Machine learning radically reduces workload of cell counting for disease diagnosis
The use of machine learning to perform blood cell counts for diagnosis of disease instead of expensive and often less accurate cell analyzer machines has nevertheless been very labor-intensive as it takes an enormous amount of manual annotation work by humans in the training of the machine learning model. However, researchers at Benihang University have developed a new training method that automates much of this activity.
Their new training scheme is described in a paper published in the journal Cyborg and Bionic Systems on April 9.
The number and type of cells in the blood often play a crucial role in disease diagnosis, but the cell analysis techniques commonly used to perform such counting of blood cells—involving the detection and measurement of physical and chemical characteristics of cells suspended in fluid—are expensive and require complex preparations. Worse still, the accuracy of cell analyzer machines is only about 90 percent due to various influences such as temperature, pH, voltage, and magnetic field that can confuse the equipment.
In order to improve accuracy, reduce complexity and lower costs, much research into alternatives has lately focused on the use of computer programs to perform “segmentation” on photographs of the blood taken by a high-deﬁnition camera connected to a microscope. Segmentation involves algorithms that perform pixel-by-pixel labeling of what appears in a photo, in this case, what parts of the image are cells and which are not—in essence, counting the number of cells in an image.
For images in which only a single type of cell appears, such methods achieve a decent level of accuracy, but they perform poorly when confronting images with multiple types of cells. So in recent years, in attempts to solve the problem, researchers have turned to convolutional neural networks (CNNs)—a type of machine learning that mirrors the connection structure of the human visual cortex.
For the CNN to perform this task, it must first be “trained” to understand what is and is not a cell on many thousands of images of cells that humans have manually labeled. Then, when fed a novel, unlabeled image, it recognizes and can count the cells in it.
“But such manual labeling is laborious and expensive, even when done with the assistance of experts,” said Guangdong Zhan, a co-author of the paper and professor with the Department of Mechanical Engineering and Automation at Beihang University, “which defeats the purpose of an alternative that is supposed to be simpler and cheaper than cell analyzers.”
So the researchers at Beihang University developed a new scheme for training the CNN, in this case, U-Net, a fully convolutional network segmentation model that has been widely used in medical image segmentation since it was first developed in 2015.
In the new training scheme, the CNN is first trained on a set of many thousands of images with only one type of cell (taken from the blood of mice).
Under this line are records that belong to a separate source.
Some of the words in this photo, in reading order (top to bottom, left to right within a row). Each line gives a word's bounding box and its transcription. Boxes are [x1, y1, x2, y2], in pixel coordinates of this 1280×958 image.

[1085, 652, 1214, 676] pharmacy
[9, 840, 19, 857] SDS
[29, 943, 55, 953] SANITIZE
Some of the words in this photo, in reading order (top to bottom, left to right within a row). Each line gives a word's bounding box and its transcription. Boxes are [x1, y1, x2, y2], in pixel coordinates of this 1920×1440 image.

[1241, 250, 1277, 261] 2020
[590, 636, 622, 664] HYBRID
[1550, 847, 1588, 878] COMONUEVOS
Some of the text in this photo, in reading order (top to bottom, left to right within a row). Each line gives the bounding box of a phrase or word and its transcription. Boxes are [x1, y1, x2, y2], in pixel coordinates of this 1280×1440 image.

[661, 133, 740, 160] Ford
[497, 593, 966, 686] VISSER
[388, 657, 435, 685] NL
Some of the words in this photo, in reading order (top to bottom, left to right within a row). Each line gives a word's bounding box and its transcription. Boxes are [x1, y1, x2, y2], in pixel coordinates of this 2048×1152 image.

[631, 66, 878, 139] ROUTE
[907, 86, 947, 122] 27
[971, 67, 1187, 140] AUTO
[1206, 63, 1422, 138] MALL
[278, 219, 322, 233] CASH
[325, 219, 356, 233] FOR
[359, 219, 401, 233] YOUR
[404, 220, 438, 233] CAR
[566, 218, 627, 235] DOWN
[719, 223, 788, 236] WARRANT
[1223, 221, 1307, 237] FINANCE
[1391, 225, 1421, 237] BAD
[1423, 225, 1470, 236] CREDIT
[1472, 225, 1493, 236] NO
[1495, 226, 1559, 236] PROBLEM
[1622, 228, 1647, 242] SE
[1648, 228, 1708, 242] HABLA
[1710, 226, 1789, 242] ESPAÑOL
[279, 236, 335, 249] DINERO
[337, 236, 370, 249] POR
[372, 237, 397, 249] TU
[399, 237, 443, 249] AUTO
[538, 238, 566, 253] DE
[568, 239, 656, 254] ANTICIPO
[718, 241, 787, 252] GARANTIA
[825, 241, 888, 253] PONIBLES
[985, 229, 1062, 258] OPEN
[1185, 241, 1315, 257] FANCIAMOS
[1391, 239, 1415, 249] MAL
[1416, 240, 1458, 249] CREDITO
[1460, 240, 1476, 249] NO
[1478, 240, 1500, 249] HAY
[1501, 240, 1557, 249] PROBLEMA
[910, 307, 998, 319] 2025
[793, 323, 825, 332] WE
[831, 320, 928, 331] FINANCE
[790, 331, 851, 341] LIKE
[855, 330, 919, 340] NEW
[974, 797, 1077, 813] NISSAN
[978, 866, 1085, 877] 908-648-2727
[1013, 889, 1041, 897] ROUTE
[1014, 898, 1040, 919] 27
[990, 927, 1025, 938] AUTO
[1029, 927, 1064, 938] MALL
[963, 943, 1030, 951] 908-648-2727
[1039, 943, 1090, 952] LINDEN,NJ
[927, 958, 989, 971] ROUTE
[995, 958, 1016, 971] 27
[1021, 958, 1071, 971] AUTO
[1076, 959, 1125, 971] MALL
These single-cell-type images are “preprocessed” automatically by conventional algorithms that reduce noise in the images, enhance their quality, and detect the contours of objects in the image. They then perform adaptive image segmentation. This latter algorithm calculates the various levels of gray in a black and white image, and if a part of the image lies beyond a certain threshold of gray, the algorithm segments that out as a distinct object. What makes the process adaptive is that rather than segmenting out parts of the image segments according to a fixed gray threshold, it does this according to the local features of the image.
After the single-cell-type training set is presented to the U-Net model, the model is fine-tuned using a small set of manually annotated images of multiple cell types. In comparison, a certain amount of manual annotation remains, and the number of images needed to be labeled by humans drops from what was previously many thousands to just 600.
To test their training scheme, the researchers first used a traditional cell analyzer on the same mouse blood samples to do an independent cell count against which they could compare their new approach. They found that the accuracy of their training scheme on segmentation of multiple-cell-type images was 94.85 percent, which is the same level achieved by training with manually annotated multiple-cell-type images.